====== Study material ======

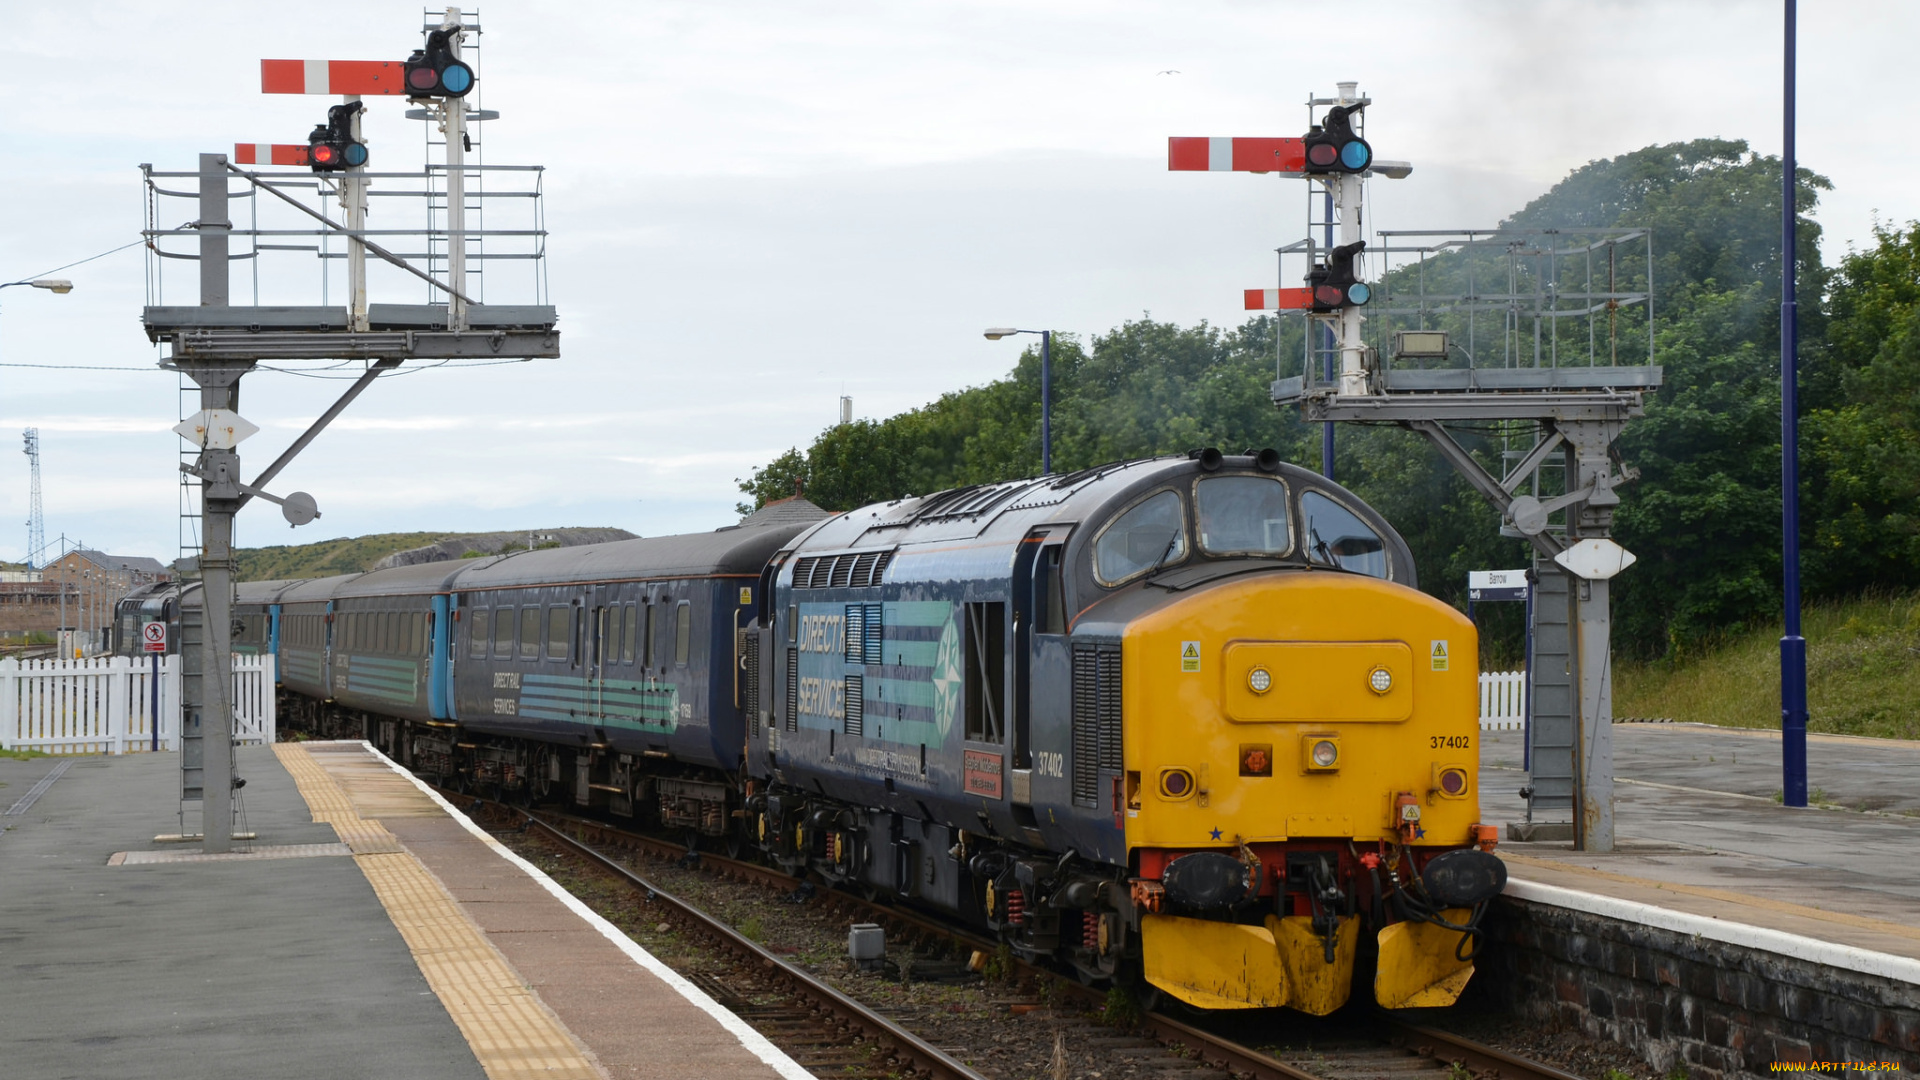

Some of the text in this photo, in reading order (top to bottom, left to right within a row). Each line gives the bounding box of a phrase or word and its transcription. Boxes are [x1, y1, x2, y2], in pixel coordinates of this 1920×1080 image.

[1489, 572, 1507, 585] Barrow
[800, 615, 839, 655] DIRECT
[494, 698, 515, 715] SERVICES
[798, 676, 850, 719] SERVICES
[1430, 736, 1469, 749] 37402
[1038, 751, 1063, 778] 37402

======

### Your instructions:
Return each line above word for word. Skip the pictures.

### Task solution:
Some of the text in this photo, in reading order (top to bottom, left to right within a row). Each line gives the bounding box of a phrase or word and its transcription. Boxes are [x1, y1, x2, y2], in pixel coordinates of this 1920×1080 image.

[1489, 572, 1507, 585] Barrow
[800, 615, 839, 655] DIRECT
[494, 698, 515, 715] SERVICES
[798, 676, 850, 719] SERVICES
[1430, 736, 1469, 749] 37402
[1038, 751, 1063, 778] 37402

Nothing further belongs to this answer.